Exercise instructions –
Without including any images, repeat the data exactly.

-- The records follows --

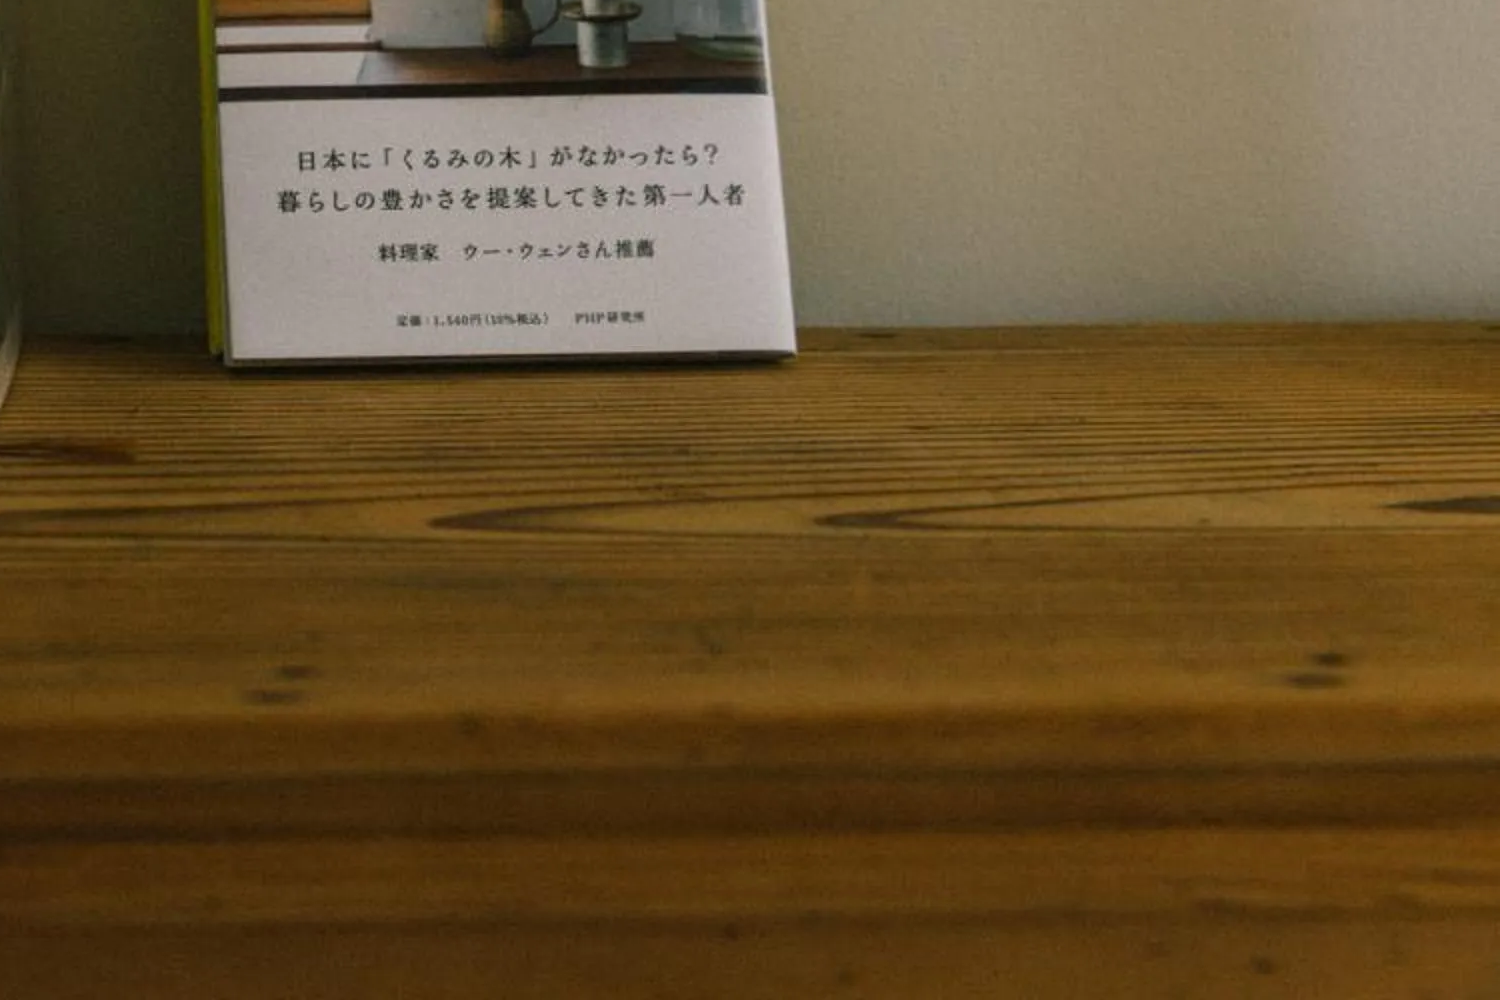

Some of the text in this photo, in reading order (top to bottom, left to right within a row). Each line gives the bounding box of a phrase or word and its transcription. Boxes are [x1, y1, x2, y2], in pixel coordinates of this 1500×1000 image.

[280, 183, 746, 213] 暮らしの豊かさを提案してきた第一人者
[377, 238, 655, 262] 料理家 ウー・ウェンさん推薦
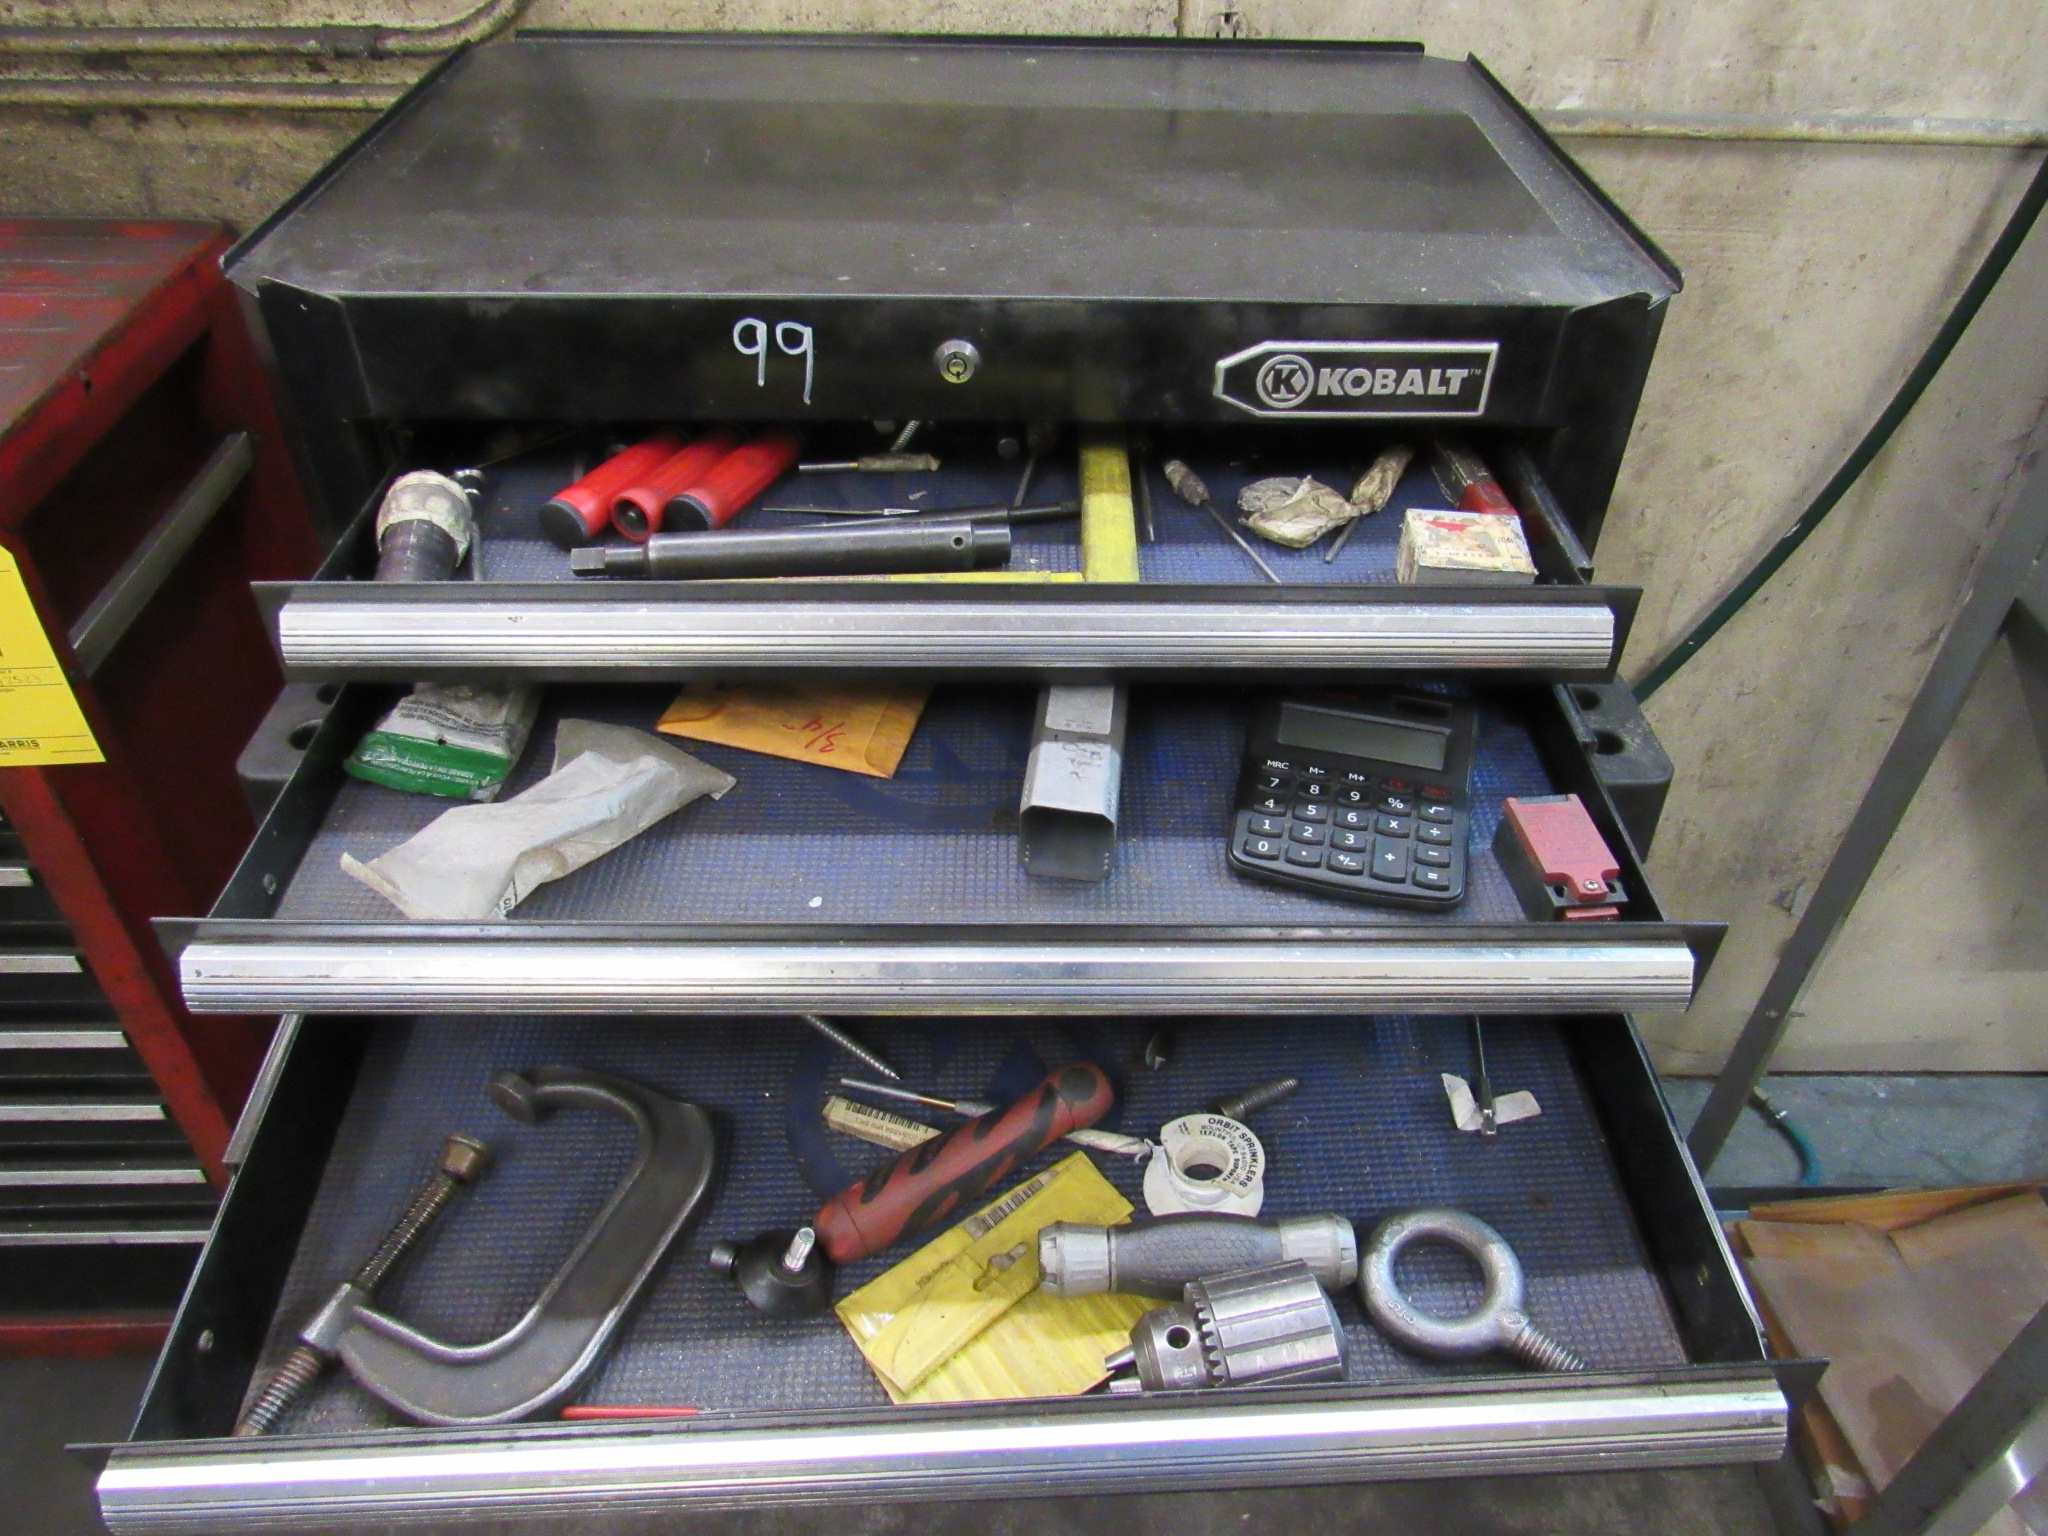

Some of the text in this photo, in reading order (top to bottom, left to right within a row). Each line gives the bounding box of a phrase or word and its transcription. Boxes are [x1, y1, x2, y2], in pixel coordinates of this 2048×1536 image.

[733, 317, 814, 405] 99
[1316, 367, 1469, 397] KOBALT
[1266, 759, 1290, 770] MRC
[1348, 773, 1366, 782] M+
[1270, 777, 1280, 788] 7
[1309, 784, 1320, 795] 8
[1350, 791, 1360, 801] 9
[1265, 799, 1275, 809] 4
[1306, 805, 1317, 815] 5
[1347, 812, 1358, 823] 6
[1262, 819, 1271, 830] 1
[1303, 827, 1313, 837] 2
[1344, 833, 1355, 844] 3
[1258, 841, 1268, 852] 0
[1208, 1117, 1259, 1187] ORBIT SPRINKLERS
[1227, 1140, 1239, 1154] TAPE

-- The records concluded --

Exercise response –
Some of the text in this photo, in reading order (top to bottom, left to right within a row). Each line gives the bounding box of a phrase or word and its transcription. Boxes are [x1, y1, x2, y2], in pixel coordinates of this 1500×1000 image.

[280, 183, 746, 213] 暮らしの豊かさを提案してきた第一人者
[377, 238, 655, 262] 料理家 ウー・ウェンさん推薦

Some of the text in this photo, in reading order (top to bottom, left to right within a row). Each line gives the bounding box of a phrase or word and its transcription. Boxes are [x1, y1, x2, y2], in pixel coordinates of this 2048×1536 image.

[733, 317, 814, 405] 99
[1316, 367, 1469, 397] KOBALT
[1266, 759, 1290, 770] MRC
[1348, 773, 1366, 782] M+
[1270, 777, 1280, 788] 7
[1309, 784, 1320, 795] 8
[1350, 791, 1360, 801] 9
[1265, 799, 1275, 809] 4
[1306, 805, 1317, 815] 5
[1347, 812, 1358, 823] 6
[1262, 819, 1271, 830] 1
[1303, 827, 1313, 837] 2
[1344, 833, 1355, 844] 3
[1258, 841, 1268, 852] 0
[1208, 1117, 1259, 1187] ORBIT SPRINKLERS
[1227, 1140, 1239, 1154] TAPE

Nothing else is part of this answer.